Exercise instructions:
For each record below, set it down exactly but leave out any picture.

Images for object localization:

______

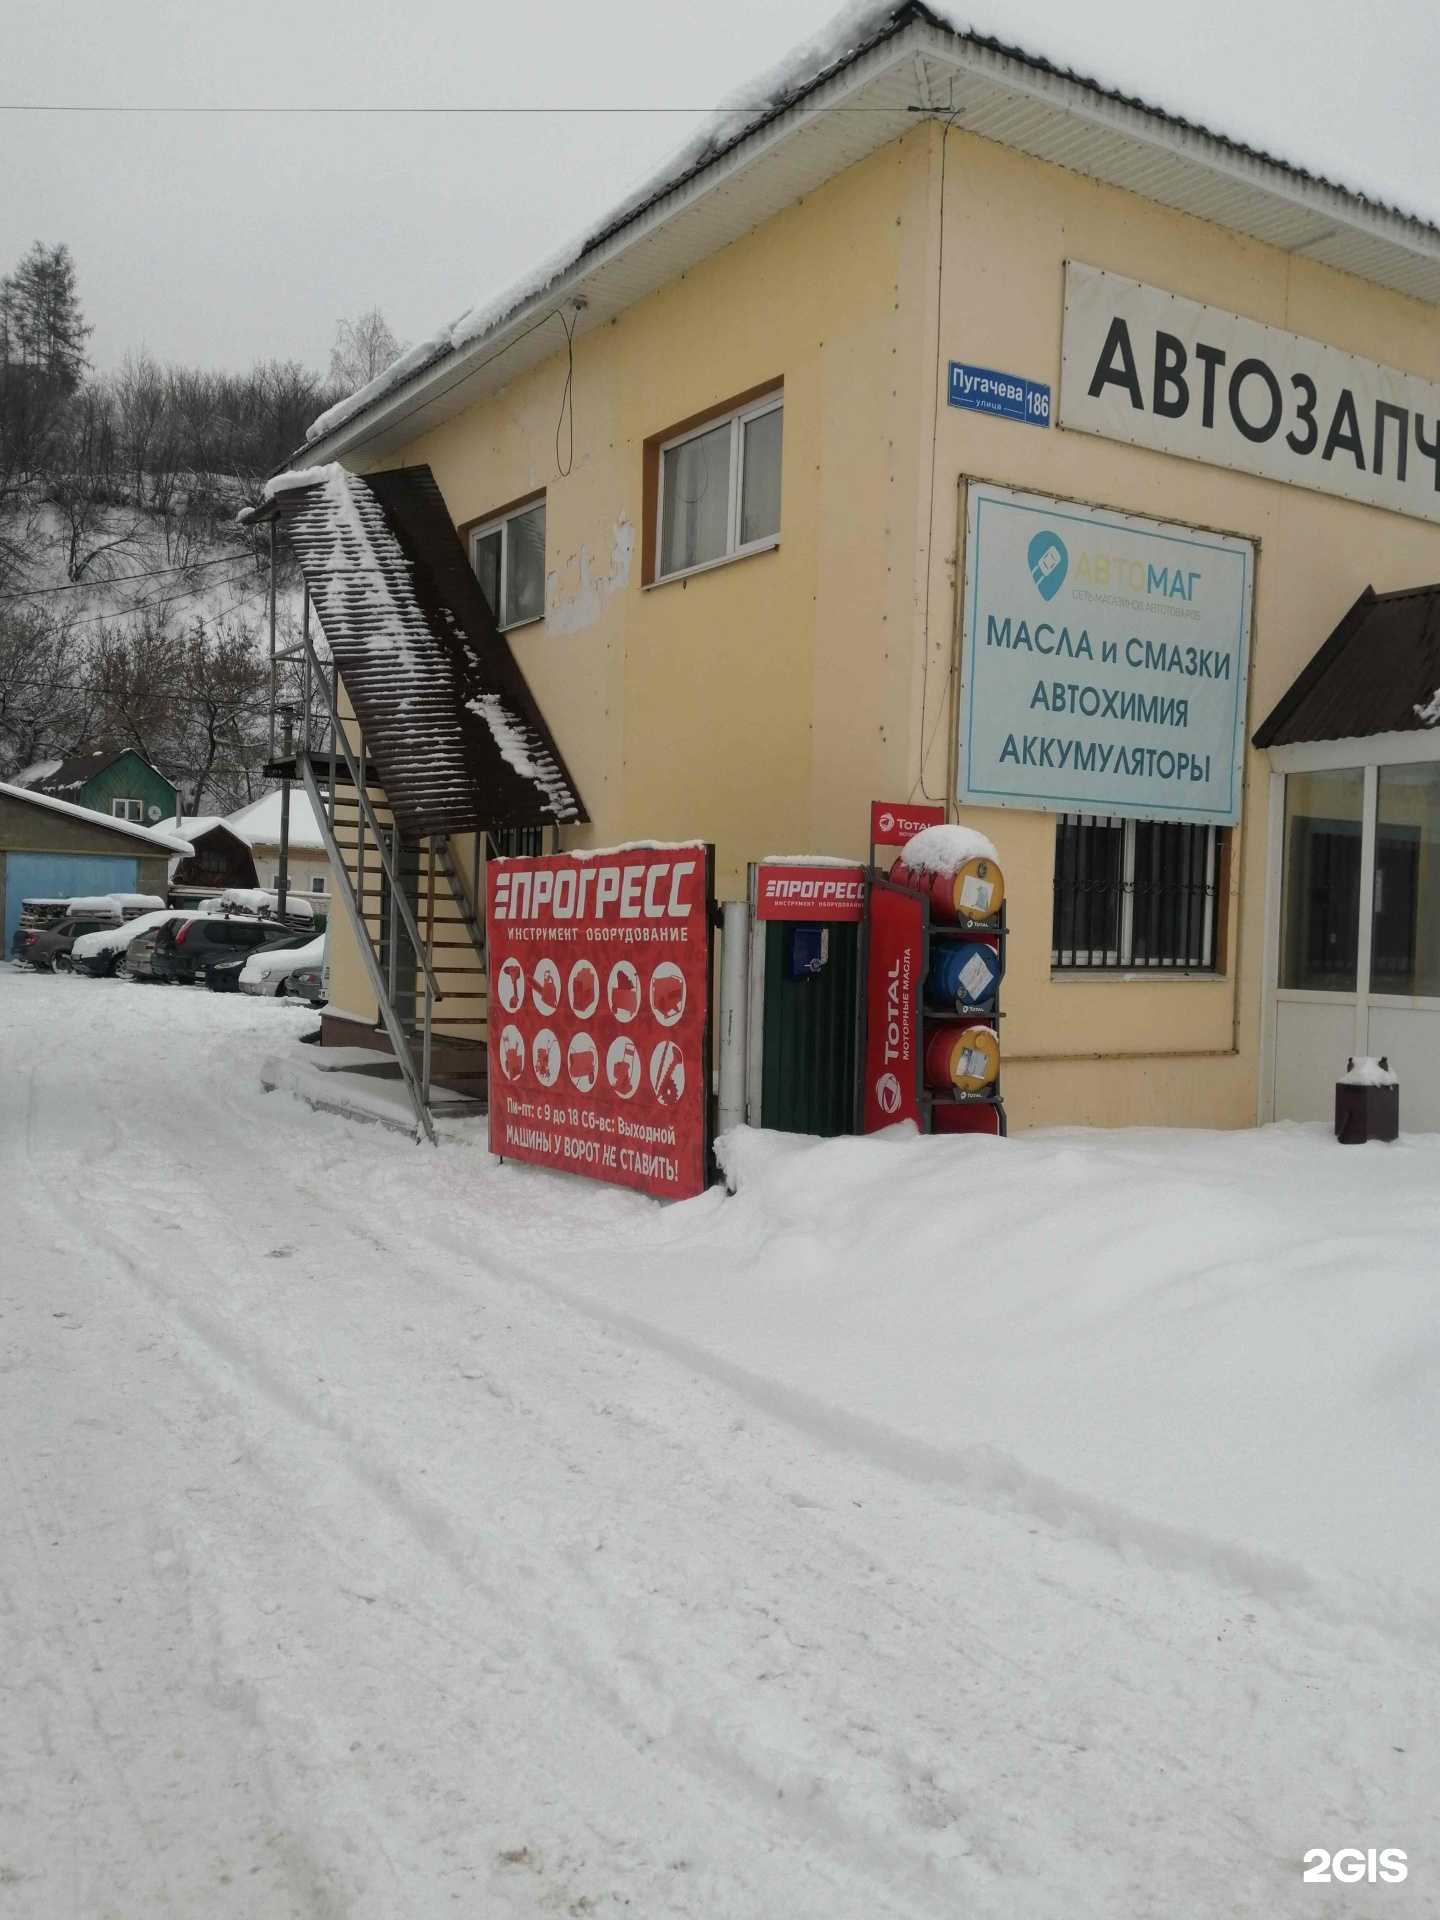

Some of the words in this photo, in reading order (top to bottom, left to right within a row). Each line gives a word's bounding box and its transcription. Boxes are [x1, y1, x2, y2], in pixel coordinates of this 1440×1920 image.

[953, 367, 1023, 401] Пугачева
[1027, 391, 1049, 417] 186
[976, 399, 1002, 411] улица
[1088, 316, 1440, 492] АВТОЗАПЧ
[1074, 551, 1202, 601] АВТОМАГ
[986, 614, 1094, 660] МАСЛА
[1101, 640, 1118, 664] и
[1125, 637, 1231, 680] СМАЗКИ
[1029, 680, 1189, 728] АВТОХИМИЯ
[998, 733, 1211, 782] АККУМУЛЯТОРЫ
[506, 861, 696, 920] ПРОГРЕСС
[507, 927, 578, 942] ИНСТРУМЕНТ
[586, 927, 688, 944] ОБОРУДОВАНИЕ
[903, 948, 912, 989] МАСЛА
[884, 959, 900, 1065] TOTAL
[902, 993, 910, 1060] МОТОРНЫЕ
[537, 1107, 542, 1120] с
[544, 1104, 550, 1120] 9
[553, 1110, 566, 1125] до
[568, 1108, 578, 1126] 18
[618, 1117, 676, 1146] Выходной
[506, 1125, 551, 1153] МАШИНЫ
[554, 1135, 562, 1154] У
[564, 1137, 600, 1164] ВОРОТ
[602, 1144, 617, 1167] НЕ
[620, 1148, 679, 1182] СТАВИТЬ!

______

Task response:
Some of the words in this photo, in reading order (top to bottom, left to right within a row). Each line gives a word's bounding box and its transcription. Boxes are [x1, y1, x2, y2], in pixel coordinates of this 1440×1920 image.

[953, 367, 1023, 401] Пугачева
[1027, 391, 1049, 417] 186
[976, 399, 1002, 411] улица
[1088, 316, 1440, 492] АВТОЗАПЧ
[1074, 551, 1202, 601] АВТОМАГ
[986, 614, 1094, 660] МАСЛА
[1101, 640, 1118, 664] и
[1125, 637, 1231, 680] СМАЗКИ
[1029, 680, 1189, 728] АВТОХИМИЯ
[998, 733, 1211, 782] АККУМУЛЯТОРЫ
[506, 861, 696, 920] ПРОГРЕСС
[507, 927, 578, 942] ИНСТРУМЕНТ
[586, 927, 688, 944] ОБОРУДОВАНИЕ
[903, 948, 912, 989] МАСЛА
[884, 959, 900, 1065] TOTAL
[902, 993, 910, 1060] МОТОРНЫЕ
[537, 1107, 542, 1120] с
[544, 1104, 550, 1120] 9
[553, 1110, 566, 1125] до
[568, 1108, 578, 1126] 18
[618, 1117, 676, 1146] Выходной
[506, 1125, 551, 1153] МАШИНЫ
[554, 1135, 562, 1154] У
[564, 1137, 600, 1164] ВОРОТ
[602, 1144, 617, 1167] НЕ
[620, 1148, 679, 1182] СТАВИТЬ!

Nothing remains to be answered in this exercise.